That looks good HD !


----------



## Pallet Pete (Dec 1, 2012)

http://www.amazon.com/Husqvarna-Pro...qid=1354410243&sr=8-2&keywords=chainsaw+chaps


http://www.amazon.com/Husqvarna-531...qid=1354410243&sr=8-4&keywords=chainsaw+chaps


This may save you a few bucks.

Pete


----------



## HDRock (Dec 2, 2012)

The Heritier Saw Mill is actually 70 mi one way, to far !  no savings,  so I ordered some chaps from amazon


----------



## HDRock (Dec 2, 2012)

If I have done my home work correctly this should be the right full chisel chain,free ship , from West Branch, Michigan
*20" Oregon Husqvarna Stihl 72LGX-72 Chainsaw Chain, http://www.ebay.com/itm/20-Oregon-H...492?pt=LH_DefaultDomain_0&hash=item3f071d68a4*


----------



## HDRock (Dec 2, 2012)

I got a brake,  clutch cover. If It turns out to be a 61 or 266 , It doesn't matter , it will fit both , correct ?


----------



## HDRock (Dec 5, 2012)

OK U all , got the saw.
Whats up with this air filter, why would they drill holes in it ??
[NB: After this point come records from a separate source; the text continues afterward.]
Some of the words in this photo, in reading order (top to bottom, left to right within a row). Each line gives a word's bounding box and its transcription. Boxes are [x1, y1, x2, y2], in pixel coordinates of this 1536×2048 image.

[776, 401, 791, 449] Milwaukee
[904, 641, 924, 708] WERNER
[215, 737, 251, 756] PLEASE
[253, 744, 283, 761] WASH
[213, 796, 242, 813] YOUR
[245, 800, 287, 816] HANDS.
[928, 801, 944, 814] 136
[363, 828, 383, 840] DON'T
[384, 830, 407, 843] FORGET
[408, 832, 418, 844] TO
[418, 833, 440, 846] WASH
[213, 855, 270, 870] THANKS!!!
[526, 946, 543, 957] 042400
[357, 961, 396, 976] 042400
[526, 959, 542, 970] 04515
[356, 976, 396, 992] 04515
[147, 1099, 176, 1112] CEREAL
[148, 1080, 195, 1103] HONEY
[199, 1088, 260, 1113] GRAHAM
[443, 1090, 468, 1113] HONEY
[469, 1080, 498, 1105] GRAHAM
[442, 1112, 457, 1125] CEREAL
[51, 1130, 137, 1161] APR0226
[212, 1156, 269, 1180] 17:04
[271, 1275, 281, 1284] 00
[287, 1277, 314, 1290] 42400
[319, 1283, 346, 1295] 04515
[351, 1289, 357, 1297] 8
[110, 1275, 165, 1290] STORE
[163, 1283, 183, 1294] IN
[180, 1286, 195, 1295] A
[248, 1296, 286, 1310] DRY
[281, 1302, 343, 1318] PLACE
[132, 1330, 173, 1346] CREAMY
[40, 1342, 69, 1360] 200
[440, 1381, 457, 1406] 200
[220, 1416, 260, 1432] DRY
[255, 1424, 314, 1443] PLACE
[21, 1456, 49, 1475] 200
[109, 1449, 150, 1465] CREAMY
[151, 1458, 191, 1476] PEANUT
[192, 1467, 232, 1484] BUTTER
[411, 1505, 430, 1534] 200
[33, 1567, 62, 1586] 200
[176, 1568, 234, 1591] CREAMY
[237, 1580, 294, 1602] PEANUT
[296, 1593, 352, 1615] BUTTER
EDit : found the replacement filter. Is this a different carb ??


----------



## HittinSteel (Dec 5, 2012)

Looks like someone converted an older filter style to fit a newer 61 intake.....then it migrated back to your older style saw.

Not a big deal, I'd just try and seal the 2 extra holes.


----------



## Thistle (Dec 5, 2012)

Do they/did they make a high top filter & cover for the 61? I seen a few 262/266/268XP's with one over the years....


----------



## HDRock (Dec 5, 2012)

When I search for a new air filter for the model 61 , what I come up with, does not have a hole in the center it shows two holes, side-by-side, so IDK.
Included , Here is a pic of the plate , and side starter cover, so I am assuming it is a model 61 and not a 266.
_*But that's not the half of it here, THE SAW FLEW APART WHEN I STARTED IT  *_

Here is a copy of the message I sent to the eBay seller.

I received the saw today and I started it up, it started to make a rattling noise, before I could even hit the kill switch, broken plastic was shooting out.
I don't know if it was caused by the rope inside, but when I took off the starter side cover, some of the rope was wrapped around the wrong place inside the cover.
The broken plastic came from a plastic part that is under the starter cover, one of the Pawls is attached to the flywheel was no longer attached, and there was a pin laying in there that had came out, and pieces of little springs that I guess are attached to the pawls.
There was only a little damage to the flywheel, and the engine turns over fine.
I don't know what happened, and I don't think it's real bad but it definitely needs repair now.
I don't know that much about working on chainsaws, but whatever happened I did not cause it.
Do you have an idea what I am talking about?
Do you have an idea what might have happened?
I can e-mail you pictures 

 EDIT : Oops I forgot the pictures , I have to go downsize them first I'll put them up in a little bit


----------



## Boog (Dec 5, 2012)

HDRock said:


> Which one to buy ?
> Poulan® 18 in. 40 cc Wild Thing $129
> Husqvarna 235 16-Inch 34.4cc $149.99
> Or maybe a poulan pro pp4218avx 18 inch 42cc $144
> These are in my price range


 
For just a little bit more I'll have a nice used Stihl 250 coming up for sale.  I've put about 4 tanks of gas through it cutting smaller stuff since trading for it recently, it runs great. My doctor says I need to part with some of my smaller saws!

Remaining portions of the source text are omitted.